Now, the National Science Foundation (NSF), which owns the site, has determined that despite scientists’ pleas, Arecibo Observatory won’t be getting any new telescope to replace the loss. The new education project also doesn’t include any long-term funding for the instruments that remain operational at the observatory, including a 40-foot (12 m) radio dish and a lidar system.

…Instead, the NSF intends to build on the observatory’s legacy as a key educational institution in Puerto Rico by transforming the site into a hub for science, technology, engineering and math (STEM) education, due to open in 2023, according to a statement. The observatory is also home to the Ángel Ramos Foundation Science and Visitor Center, which opened in 1997.

It seems unclear how this education center will function.
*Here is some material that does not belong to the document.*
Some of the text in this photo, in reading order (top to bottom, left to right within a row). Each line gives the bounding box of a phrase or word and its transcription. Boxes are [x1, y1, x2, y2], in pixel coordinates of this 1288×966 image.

Will it be a school that students attend? Or simply a type of museum with a visitors center? This new plan appears to call for about $2 million per year in funding, which does not appear enough to do much of anything, other than to keep the lights on and hang some pretty astronomy pictures on the walls.

A proposal to rebuild Arecibo as a better radio telescope

Even as the National Science Foundation (NSF) proceeds with the disassembly of the destroyed Arecibo radio telescope in Puerto Rico, some astronomers are proposing that a new radio telescope be built in its place, with a new design that will not require the instrument platform floating above a single dish.
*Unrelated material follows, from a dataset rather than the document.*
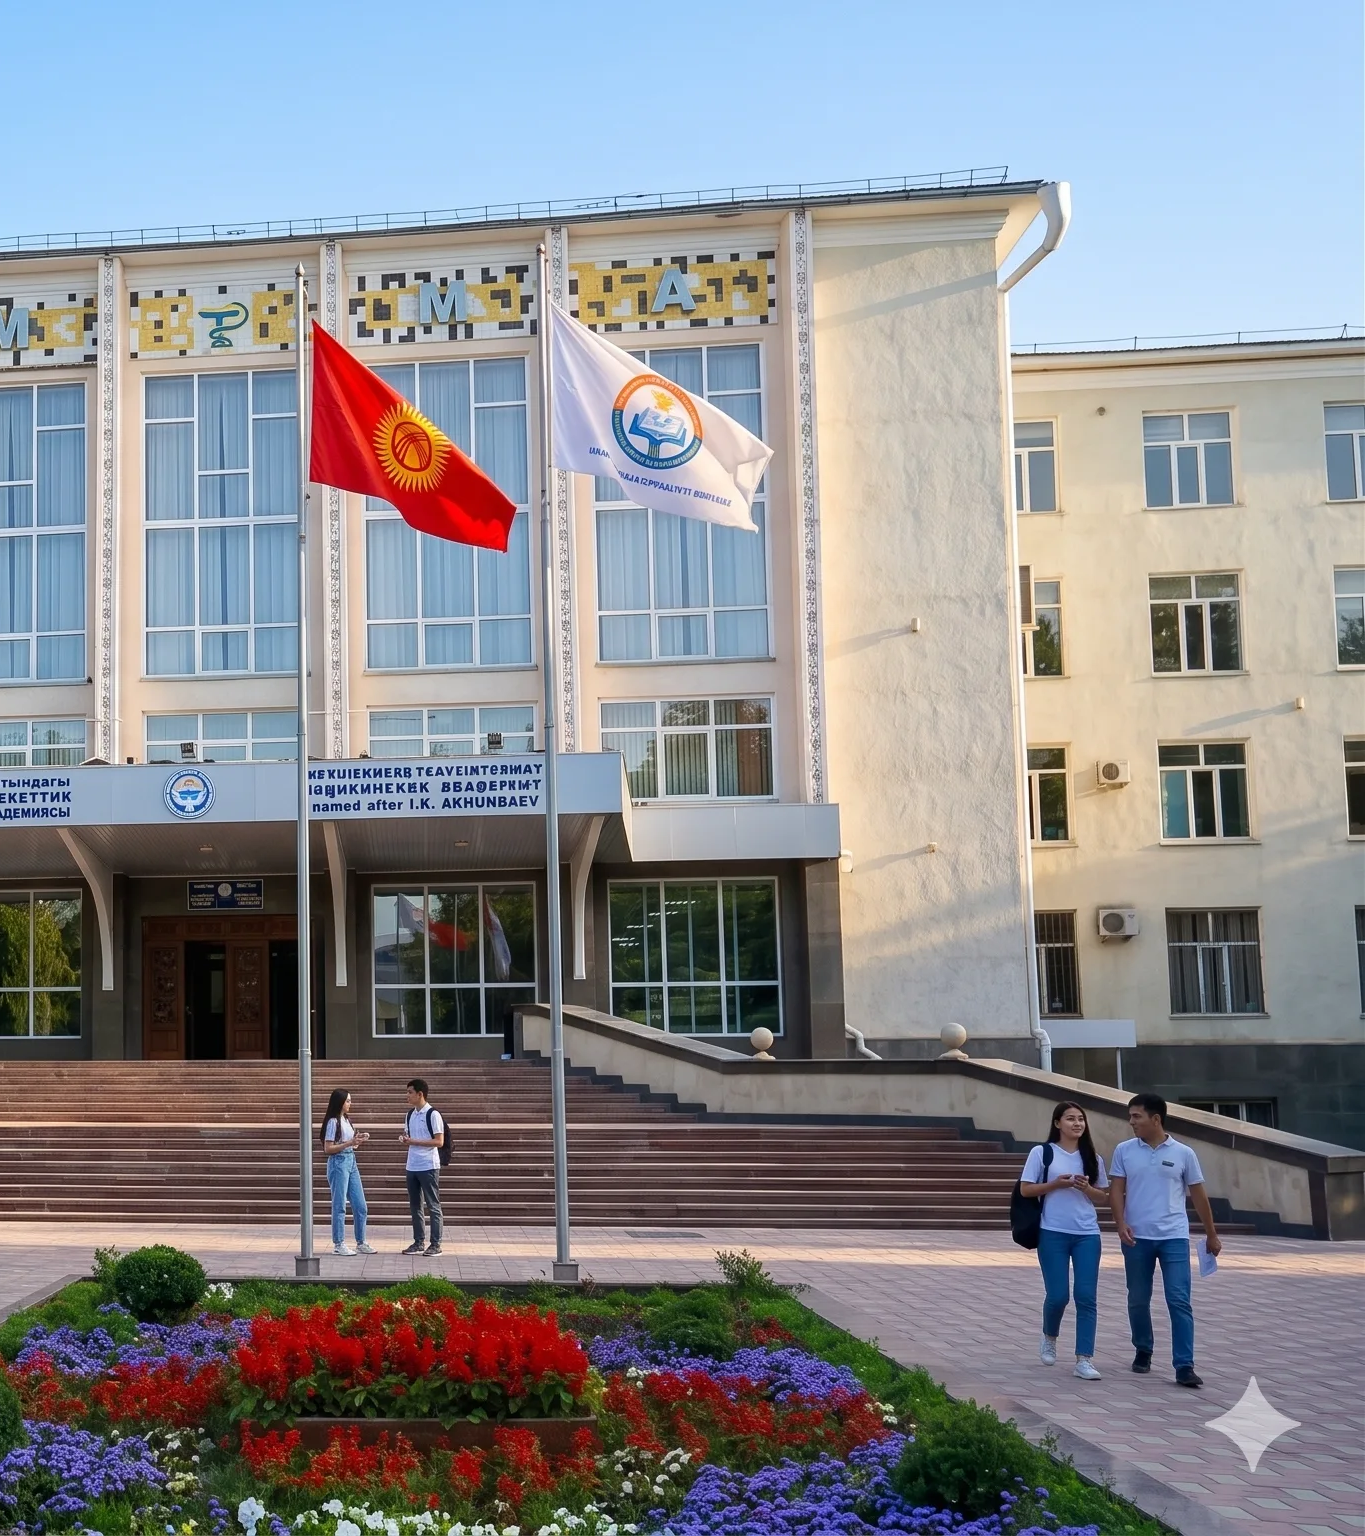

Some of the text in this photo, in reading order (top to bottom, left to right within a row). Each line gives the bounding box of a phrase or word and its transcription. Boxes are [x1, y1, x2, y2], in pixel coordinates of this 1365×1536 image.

Here’s the idea as outlined in a white paper circulated by Roshi and his colleagues: The Next Generation Arecibo Telescope would pack hundreds, maybe even more than 1,000 smaller radio dishes into the same space now occupied by the single 305-meter dish. Those smaller antennas would combine forces to act like a single larger telescope (no suspended instrument platform required).

Ideally, those dishes would be on a single, tiltable platform to access more of the sky from the Arecibo site; it’s possible multiple platforms could do the same.

The revamped telescope would have twice the sky coverage of the legacy dish, 500 times the field of view in individual images, at least double the sensitivity, and five times the radar power.

The cost for this new radio telescope is presently estimated to be about half a billion. Considering that the NSF didn’t have the money to operate the old Arecibo telescope, which was why it wasn’t properly maintained and collapsed, I doubt it has the cash to build this replacement. Congress, which likes printing money it doesn’t have, might step in and fund it, but if so that will only add to the national debt that is certainly going to cause the bankruptcy of the nation at some point in the future, a point that is getting closer and closer with each new trillion that Congress nonchalantly spends, on almost a monthly schedule.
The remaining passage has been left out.